Nonpharmacological dementia interventions may be more effective in reducing aggression, agitation
Nonpharmacologic interventions, including massage and touch therapy, may be more effective than pharmacologic methods in reducing aggression and agitation in adults with dementia, according to findings published in the Annals of Internal Medicine.
“Reducing symptoms of aggression and agitation can facilitate the safe provision of personal care to persons living with dementia by their caregivers,” Jennifer A. Watt, MD, PhD, a geriatrician at St. Michael's Hospital-Unity Health in Toronto, Canada, told Healio Primary Care.
Watt noted that although certain medications used to treat dementia have been associated with potential harms, including mortality, they are still used frequently.
To compare the efficacy of pharmacologic and nonpharmacologic interventions to treat aggression and agitation in dementia patients, researchers conducted a systematic review and network meta-analysis of randomized control trials comparing these interventions.
The researchers included 163 studies involving 23,143 patients in their analysis.
Among 148 studies of interventions that focused on aggression and agitation in patients with dementia, researchers found that multidisciplinary care (standardized mean difference [SMD] = –0.5; 95% credible interval [CrI], –0.99 to –0.01), massage and touch therapy (SMD = –0.75; 95% CrI, –1.12 to –0.38), and music combined with massage and touch therapy (SMD = –0.91; 95% CrI, –1.75 to –0.07) were more effective in reducing symptoms than usual care with medications.
The researchers also found that recreation therapy was statistically but not clinically more efficacious than usual care (SMD = –0.29; 95% CrI, –0.57 to –0.01).

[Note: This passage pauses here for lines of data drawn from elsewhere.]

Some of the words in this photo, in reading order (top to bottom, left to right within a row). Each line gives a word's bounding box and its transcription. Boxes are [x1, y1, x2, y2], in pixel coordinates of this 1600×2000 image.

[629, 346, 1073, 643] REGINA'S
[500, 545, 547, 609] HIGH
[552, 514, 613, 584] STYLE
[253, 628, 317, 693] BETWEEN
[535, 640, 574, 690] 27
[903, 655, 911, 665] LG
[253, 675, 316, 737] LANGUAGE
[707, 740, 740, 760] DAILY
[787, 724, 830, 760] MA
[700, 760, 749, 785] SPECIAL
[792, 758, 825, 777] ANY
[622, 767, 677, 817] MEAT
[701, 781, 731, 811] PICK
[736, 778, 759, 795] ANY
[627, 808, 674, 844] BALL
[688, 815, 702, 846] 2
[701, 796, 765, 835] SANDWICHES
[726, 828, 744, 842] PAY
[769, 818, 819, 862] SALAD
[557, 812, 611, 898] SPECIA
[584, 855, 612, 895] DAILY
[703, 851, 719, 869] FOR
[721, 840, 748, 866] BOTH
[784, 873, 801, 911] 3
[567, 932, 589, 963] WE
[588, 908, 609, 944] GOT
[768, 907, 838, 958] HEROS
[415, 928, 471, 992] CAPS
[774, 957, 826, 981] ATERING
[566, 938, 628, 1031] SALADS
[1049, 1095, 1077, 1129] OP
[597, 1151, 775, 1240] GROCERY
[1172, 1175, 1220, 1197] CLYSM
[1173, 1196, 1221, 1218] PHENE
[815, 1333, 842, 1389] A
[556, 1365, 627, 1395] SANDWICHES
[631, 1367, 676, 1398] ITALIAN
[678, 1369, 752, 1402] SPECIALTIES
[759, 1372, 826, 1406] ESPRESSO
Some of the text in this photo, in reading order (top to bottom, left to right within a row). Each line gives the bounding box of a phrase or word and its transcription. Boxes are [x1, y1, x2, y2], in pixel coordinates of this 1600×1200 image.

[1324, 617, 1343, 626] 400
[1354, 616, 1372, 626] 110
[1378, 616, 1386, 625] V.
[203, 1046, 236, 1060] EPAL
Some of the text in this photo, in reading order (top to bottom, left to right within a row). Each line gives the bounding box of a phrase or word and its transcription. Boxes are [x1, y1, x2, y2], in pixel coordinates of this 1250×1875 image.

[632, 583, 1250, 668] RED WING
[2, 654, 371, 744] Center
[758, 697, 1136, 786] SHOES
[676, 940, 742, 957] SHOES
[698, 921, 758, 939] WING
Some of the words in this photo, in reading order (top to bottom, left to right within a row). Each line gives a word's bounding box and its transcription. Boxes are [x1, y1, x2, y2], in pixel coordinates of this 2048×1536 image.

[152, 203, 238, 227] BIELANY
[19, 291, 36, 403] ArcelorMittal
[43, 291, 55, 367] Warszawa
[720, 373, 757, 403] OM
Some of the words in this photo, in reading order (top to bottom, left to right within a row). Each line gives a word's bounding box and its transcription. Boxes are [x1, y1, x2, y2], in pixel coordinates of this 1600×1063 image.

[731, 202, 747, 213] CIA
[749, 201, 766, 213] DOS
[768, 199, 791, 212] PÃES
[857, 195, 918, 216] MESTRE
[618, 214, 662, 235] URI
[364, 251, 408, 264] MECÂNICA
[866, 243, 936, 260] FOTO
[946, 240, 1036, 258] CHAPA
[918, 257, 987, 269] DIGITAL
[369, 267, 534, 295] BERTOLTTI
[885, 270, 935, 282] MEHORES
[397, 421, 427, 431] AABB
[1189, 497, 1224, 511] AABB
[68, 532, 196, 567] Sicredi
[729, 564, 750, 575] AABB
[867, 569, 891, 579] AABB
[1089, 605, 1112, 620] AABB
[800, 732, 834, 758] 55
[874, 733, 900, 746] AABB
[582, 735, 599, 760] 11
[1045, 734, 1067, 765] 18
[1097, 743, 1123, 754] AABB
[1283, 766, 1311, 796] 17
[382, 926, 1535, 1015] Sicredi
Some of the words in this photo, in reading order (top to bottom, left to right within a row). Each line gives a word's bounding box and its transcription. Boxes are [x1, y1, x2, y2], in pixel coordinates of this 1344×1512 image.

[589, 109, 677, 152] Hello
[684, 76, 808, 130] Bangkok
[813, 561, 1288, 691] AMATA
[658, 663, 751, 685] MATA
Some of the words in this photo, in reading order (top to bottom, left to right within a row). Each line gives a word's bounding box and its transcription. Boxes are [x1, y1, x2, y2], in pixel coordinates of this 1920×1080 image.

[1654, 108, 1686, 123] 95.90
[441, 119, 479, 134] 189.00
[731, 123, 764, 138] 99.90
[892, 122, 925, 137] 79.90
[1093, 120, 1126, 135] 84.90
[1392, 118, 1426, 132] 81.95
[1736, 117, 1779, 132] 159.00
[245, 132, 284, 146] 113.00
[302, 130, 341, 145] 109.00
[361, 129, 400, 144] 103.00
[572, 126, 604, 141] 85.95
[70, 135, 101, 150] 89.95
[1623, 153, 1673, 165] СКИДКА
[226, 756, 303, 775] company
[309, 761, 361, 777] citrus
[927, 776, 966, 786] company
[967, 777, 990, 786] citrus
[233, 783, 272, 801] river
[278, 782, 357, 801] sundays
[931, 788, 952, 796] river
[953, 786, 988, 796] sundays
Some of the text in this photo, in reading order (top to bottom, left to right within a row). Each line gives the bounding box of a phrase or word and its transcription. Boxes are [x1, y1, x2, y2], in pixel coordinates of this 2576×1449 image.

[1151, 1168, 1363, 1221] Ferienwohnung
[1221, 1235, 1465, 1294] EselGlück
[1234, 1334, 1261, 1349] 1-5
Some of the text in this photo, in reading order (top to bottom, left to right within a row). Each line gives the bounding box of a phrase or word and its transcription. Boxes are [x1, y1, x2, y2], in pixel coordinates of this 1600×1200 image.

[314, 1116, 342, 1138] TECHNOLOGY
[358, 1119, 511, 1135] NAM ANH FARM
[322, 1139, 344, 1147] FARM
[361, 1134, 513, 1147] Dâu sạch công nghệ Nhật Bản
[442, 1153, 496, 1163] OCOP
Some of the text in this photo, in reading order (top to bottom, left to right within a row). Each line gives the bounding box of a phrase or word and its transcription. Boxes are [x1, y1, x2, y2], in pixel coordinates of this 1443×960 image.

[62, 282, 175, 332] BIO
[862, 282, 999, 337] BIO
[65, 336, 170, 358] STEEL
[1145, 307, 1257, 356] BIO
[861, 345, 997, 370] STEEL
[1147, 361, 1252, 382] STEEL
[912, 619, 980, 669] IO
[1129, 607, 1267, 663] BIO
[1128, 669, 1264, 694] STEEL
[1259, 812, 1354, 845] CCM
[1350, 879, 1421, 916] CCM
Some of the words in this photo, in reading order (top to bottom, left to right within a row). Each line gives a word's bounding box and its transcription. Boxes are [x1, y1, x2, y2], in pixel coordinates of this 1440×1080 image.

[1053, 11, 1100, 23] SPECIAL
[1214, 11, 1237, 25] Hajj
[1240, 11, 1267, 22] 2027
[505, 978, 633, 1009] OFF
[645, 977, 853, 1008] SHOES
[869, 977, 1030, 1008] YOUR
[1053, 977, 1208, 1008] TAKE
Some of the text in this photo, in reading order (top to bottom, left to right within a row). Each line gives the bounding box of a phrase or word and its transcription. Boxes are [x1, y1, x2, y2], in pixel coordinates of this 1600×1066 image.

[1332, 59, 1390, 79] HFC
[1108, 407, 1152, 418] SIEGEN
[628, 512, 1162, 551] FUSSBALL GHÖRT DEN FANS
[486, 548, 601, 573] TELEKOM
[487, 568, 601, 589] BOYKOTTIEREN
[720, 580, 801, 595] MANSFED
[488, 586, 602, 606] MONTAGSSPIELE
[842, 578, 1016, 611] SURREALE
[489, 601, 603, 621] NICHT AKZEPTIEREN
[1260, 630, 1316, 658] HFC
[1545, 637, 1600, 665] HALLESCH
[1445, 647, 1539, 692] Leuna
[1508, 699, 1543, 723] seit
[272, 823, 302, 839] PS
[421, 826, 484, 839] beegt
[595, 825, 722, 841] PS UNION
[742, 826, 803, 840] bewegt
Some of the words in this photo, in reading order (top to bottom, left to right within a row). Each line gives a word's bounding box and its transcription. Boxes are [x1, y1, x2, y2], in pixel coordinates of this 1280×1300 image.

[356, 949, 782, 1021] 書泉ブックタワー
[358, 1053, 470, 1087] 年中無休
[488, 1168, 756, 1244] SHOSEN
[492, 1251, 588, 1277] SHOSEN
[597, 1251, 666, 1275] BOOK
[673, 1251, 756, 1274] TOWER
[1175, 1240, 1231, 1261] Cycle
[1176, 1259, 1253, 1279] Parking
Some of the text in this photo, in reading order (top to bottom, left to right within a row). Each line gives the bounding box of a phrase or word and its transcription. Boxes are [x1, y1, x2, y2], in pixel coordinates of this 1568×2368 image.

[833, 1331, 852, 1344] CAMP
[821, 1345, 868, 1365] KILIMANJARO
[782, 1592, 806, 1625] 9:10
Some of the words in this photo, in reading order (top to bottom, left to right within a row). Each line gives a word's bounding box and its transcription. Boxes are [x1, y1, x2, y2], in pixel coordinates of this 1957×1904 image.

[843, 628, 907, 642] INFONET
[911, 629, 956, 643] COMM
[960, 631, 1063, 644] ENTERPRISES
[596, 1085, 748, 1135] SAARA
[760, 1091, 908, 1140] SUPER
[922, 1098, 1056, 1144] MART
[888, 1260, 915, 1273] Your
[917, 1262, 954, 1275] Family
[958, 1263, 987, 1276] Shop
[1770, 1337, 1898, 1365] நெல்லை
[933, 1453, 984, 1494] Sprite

“Nonpharmacological interventions have not been associated with the same harmful outcomes as medications and, if possible, nonpharmacological interventions should be tried first,” said Watt, who is also an assistant professor in the department of medicine at the University of Toronto.
“Primary care physicians and allied health professionals can offer to work with patients and their caregivers to help them understand available resources in their area to support the implementation of nonpharmacological interventions,” she continued. – by Erin Michael
Disclosures: The authors report no relevant financial disclosures.